The ultraviolet light technology aligns with innovative projects like the touchless fixtures in Smart Restrooms and targeted sanitization by cleaning Strike Teams throughout all five terminals.
Proven to disinfect
Since the 1930s, scientists have known that germicidal energy in the Sun's C-band wavelength quickly and completely deactivates bacteria1 and germs in the air and on surfaces.
This near-century-long track record of infection-control efficacy figured prominently into the airport's selection of UV-C technology, according to Rusty Vaughn, Vice President of Business Development and Special Projects at Texas AirSystems, which provided the UV Resources germicidal equipment.
"The peer-reviewed science coupled with the fact that UV disinfection is endorsed by the U.S. Centers for Disease Control and Prevention and ASHRAE helped substantiate the plan," says Vaughn.
Germicidal UV-C air disinfection systems are installed in a building's AHUs to disinfect moving airstreams before the treated air reaches occupants. Through a process known as photodimerization, ultraviolet energy damages a cell's nucleic acids and disrupts its genetic code, preventing microorganisms from infecting and reproducing.
Vaughn recommended the RLM Xtreme fixtureless UV-C lamp system from UV Resources for its high-output performance and installation versatility.
Designed for high-volume HVAC environments, the versatile RLM Xtreme can be installed in almost any position to generate 360-degree high output UV-C irradiation to inactivate bacteria, viruses, molds, and other pathogens–including antibiotic-resistant superbugs.
The uniform 360-degree distribution provides the best air treatment effectiveness and is consistent with ASHRAE Handbook guidance.
Because the UV-C disinfection fixtures are installed inside all the airport's large air handling units, virtually all public and occupied non-public spaces will circulate air treated by the UV-C systems.
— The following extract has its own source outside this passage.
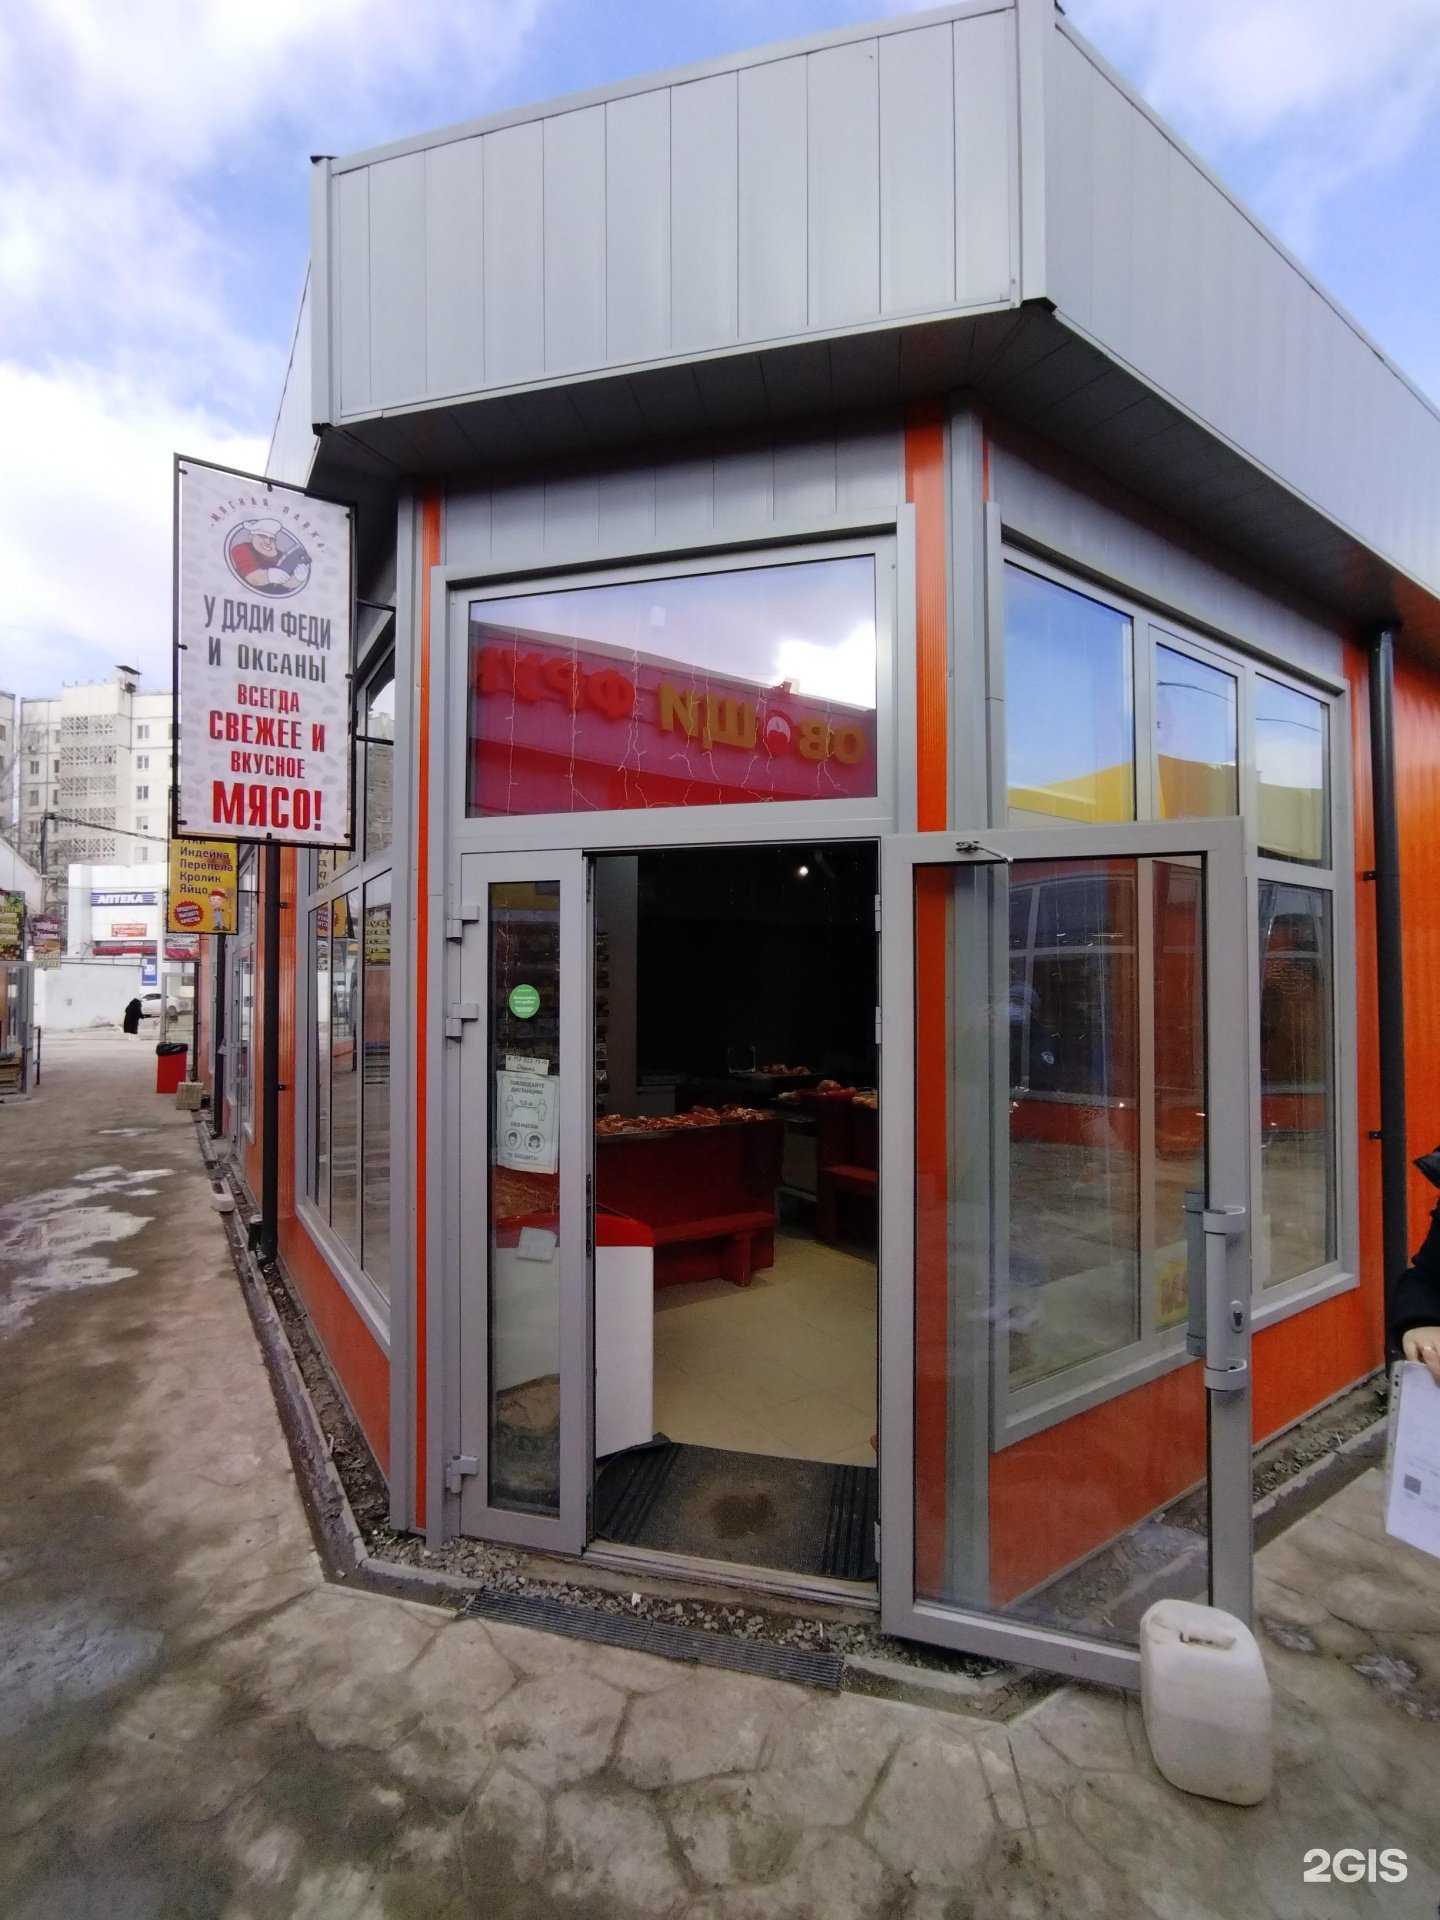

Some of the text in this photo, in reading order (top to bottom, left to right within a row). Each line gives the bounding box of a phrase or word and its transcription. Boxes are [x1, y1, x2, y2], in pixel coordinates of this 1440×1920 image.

As air is recirculated, concentrations of infectious pathogens can be further reduced by each subsequent pass or cycle through the HVAC system, known as “multiple dosing”.
Unlike some other technologies, UV-C's electromagnetic energy does not "add" chemicals, VOCs or dangerous byproducts to the environment in or to perform deactivation of target pathogens.
After seeing the potential benefits of the newly installed germicidal disinfection system, facilities staff agrees that this technology has become an important component of the ever-increasing infection mitigation controls for the tenth busiest airport in the world.